The B.C. government is increasing income and disability assistance rates by $100 a month. The extra money will be tacked onto assistance cheques starting Sept. 20.
The B.C. Liberal government froze income assistance at $610 a month a decade ago. Those on welfare will now receive $710 per month.
The new monthly disability assistance rates will be $1,133 per person.
"Lifting families out of poverty starts with raising income assistance rates and assistance for people with disabilities. We're raising the rates to support people and help them live in dignity," said Premier John Horgan in a statement.
The increases will cost $180 million per year.
Advocates have been calling for disability rate increases to be pegged to inflation, which may still come from the NDP.
The government says the increases will move the province from one of the lowest assistance rates in the country to the third-highest among Canadian provinces. On Tuesday, the NDP created a new ministry and parliamentary secretary tasked with reducing poverty in B.C.

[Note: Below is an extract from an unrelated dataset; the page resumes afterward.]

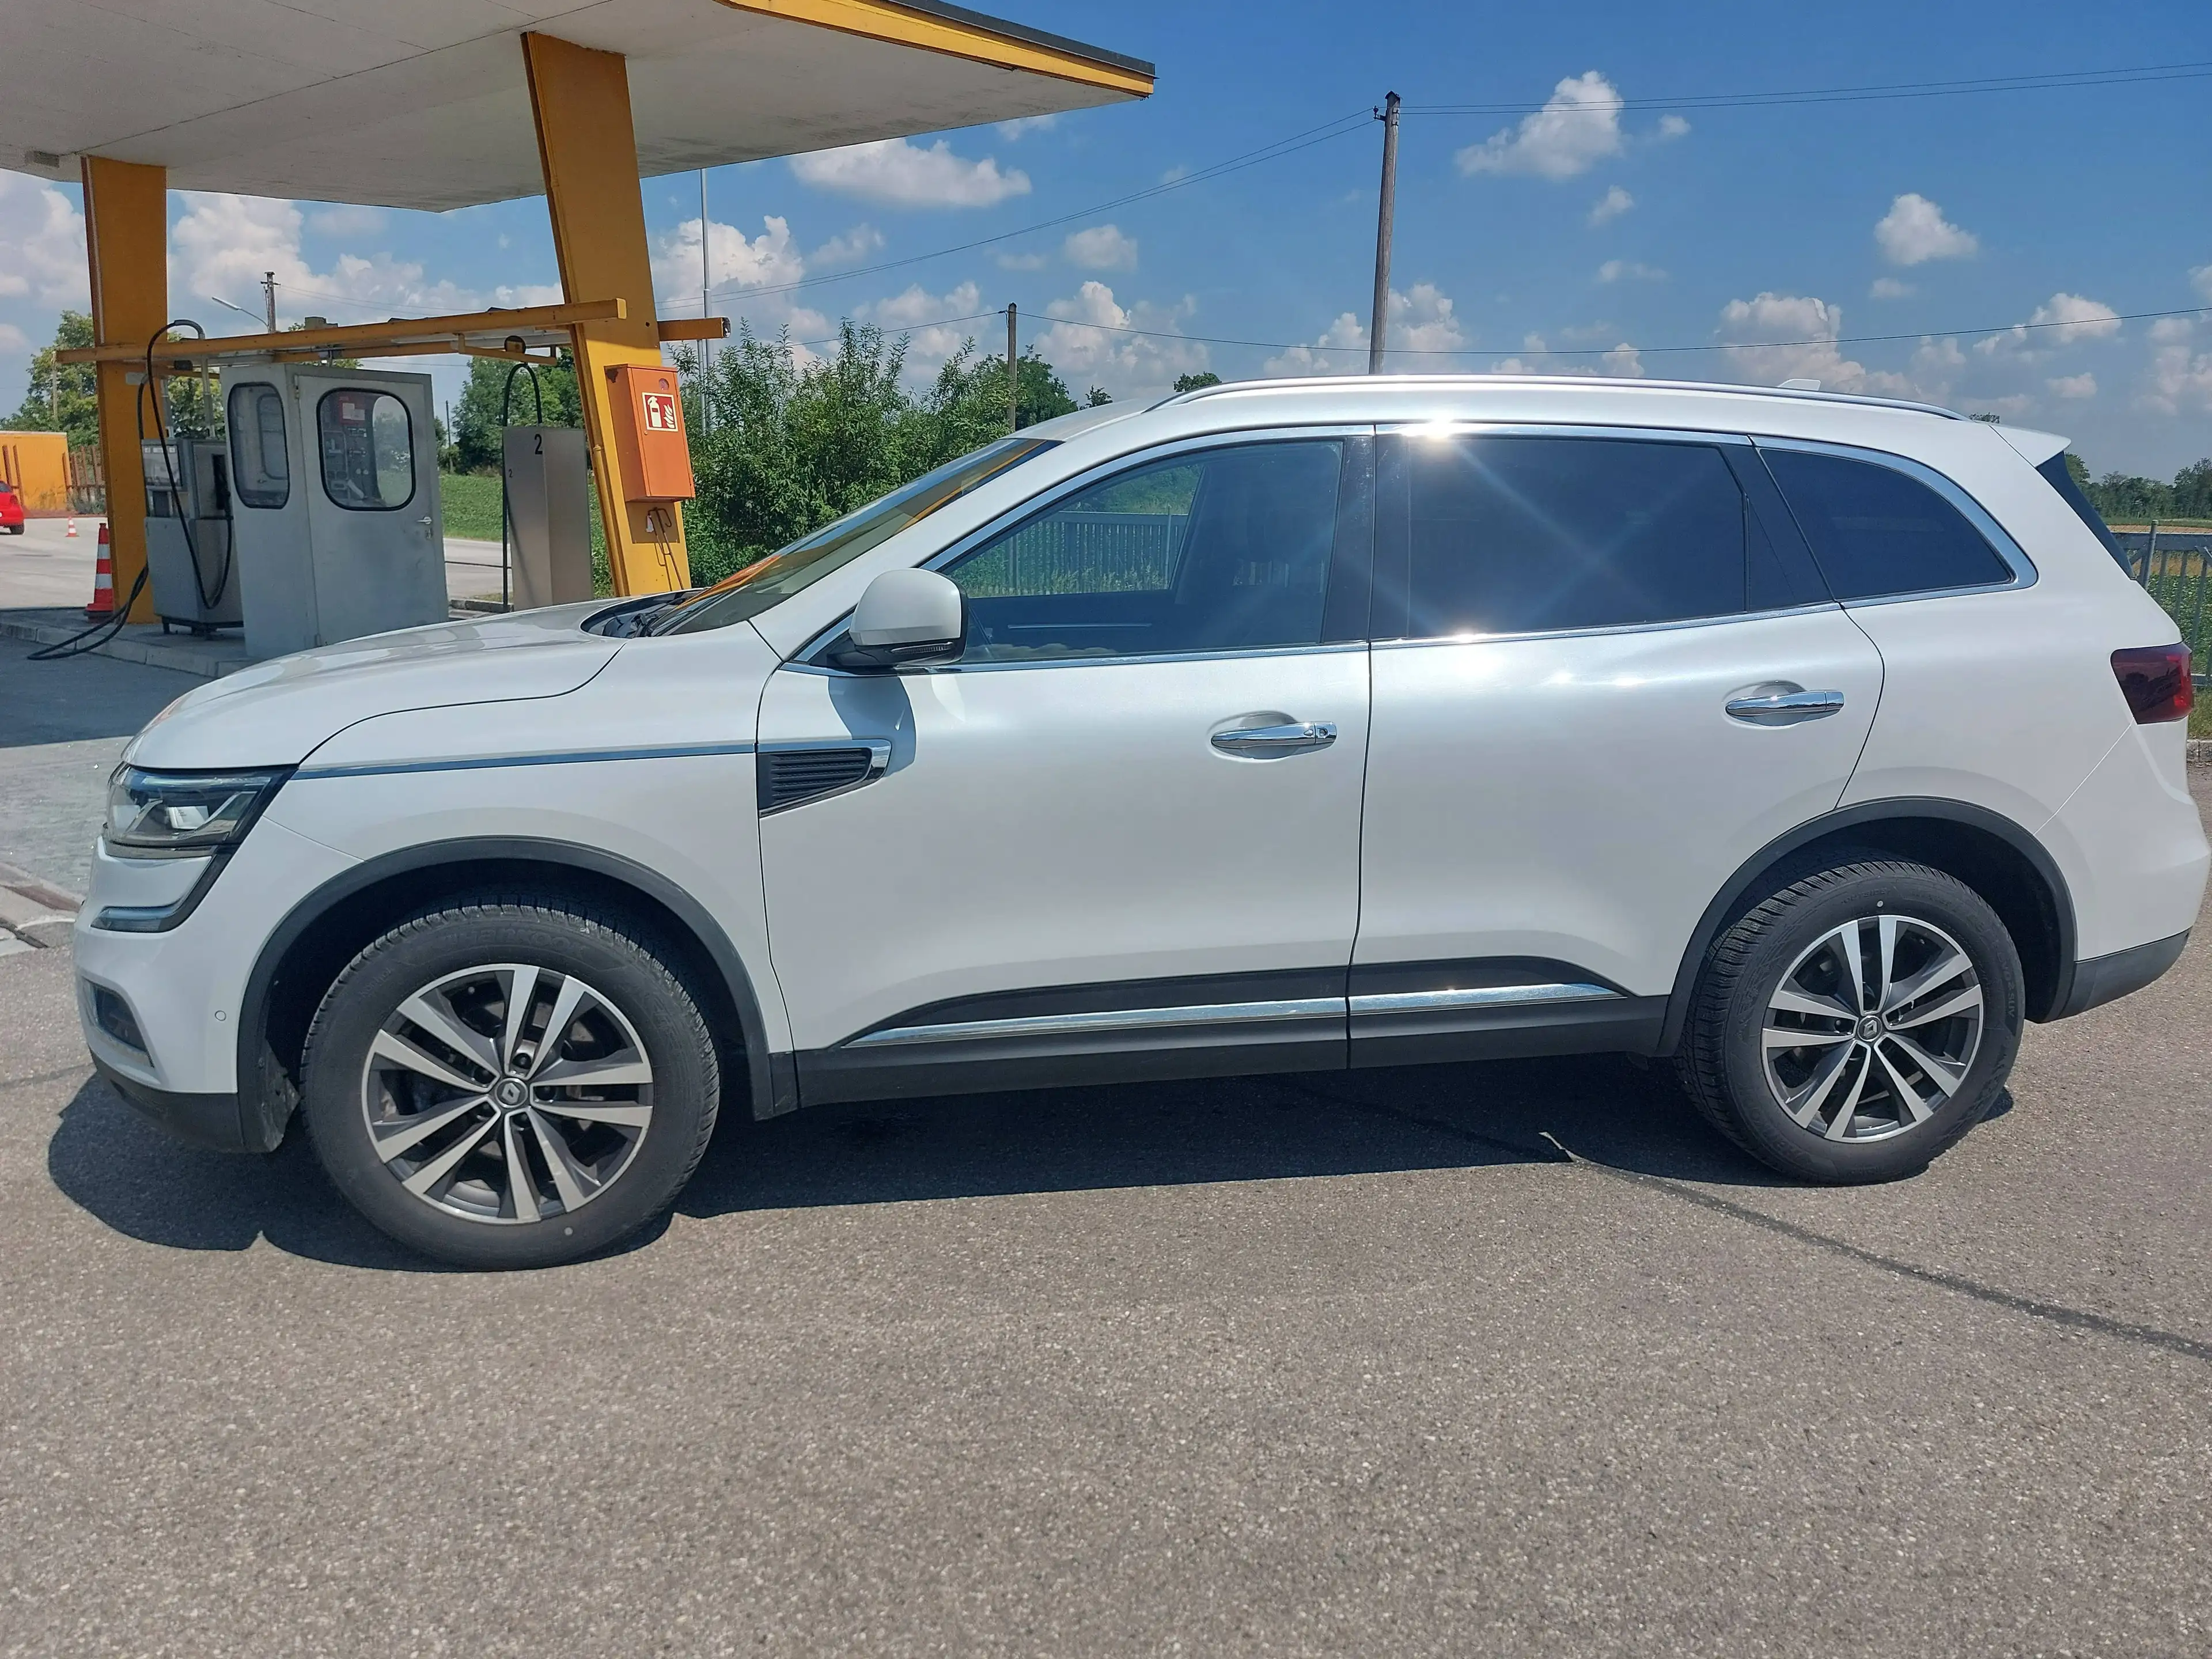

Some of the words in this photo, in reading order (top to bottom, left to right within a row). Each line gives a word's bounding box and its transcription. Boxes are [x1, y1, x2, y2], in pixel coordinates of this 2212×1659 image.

[535, 434, 543, 454] 2
[509, 469, 513, 478] 2
[2008, 991, 2016, 1018] SUV

"Raising the rates is only the beginning. Our government is committed to bring forward a comprehensive poverty reduction plan to lift children and families out of poverty," added Horgan in a statement.
The former Liberal government had faced stiff criticism for a perceived lack of attention to disability rates.
In April, the province increased disability assistance rates by $50 per month, and the year before, persons with disabilities lost their bus pass program. Shane Simpson, the new minister of social development and poverty reduction, says they are considering bringing back the bus pass.
"Just like many things, after you get the files, you discovered there are choices and options," said Simpson.
Disability advocate Faith Bodnar is applauding the quick action by the government. Bodnar says the hope now is that future increases are pegged to inflation.
"The fact that there is a poverty reduction strategy gives us a real opportunity to look at a longer term plan about rates," said Bodnar.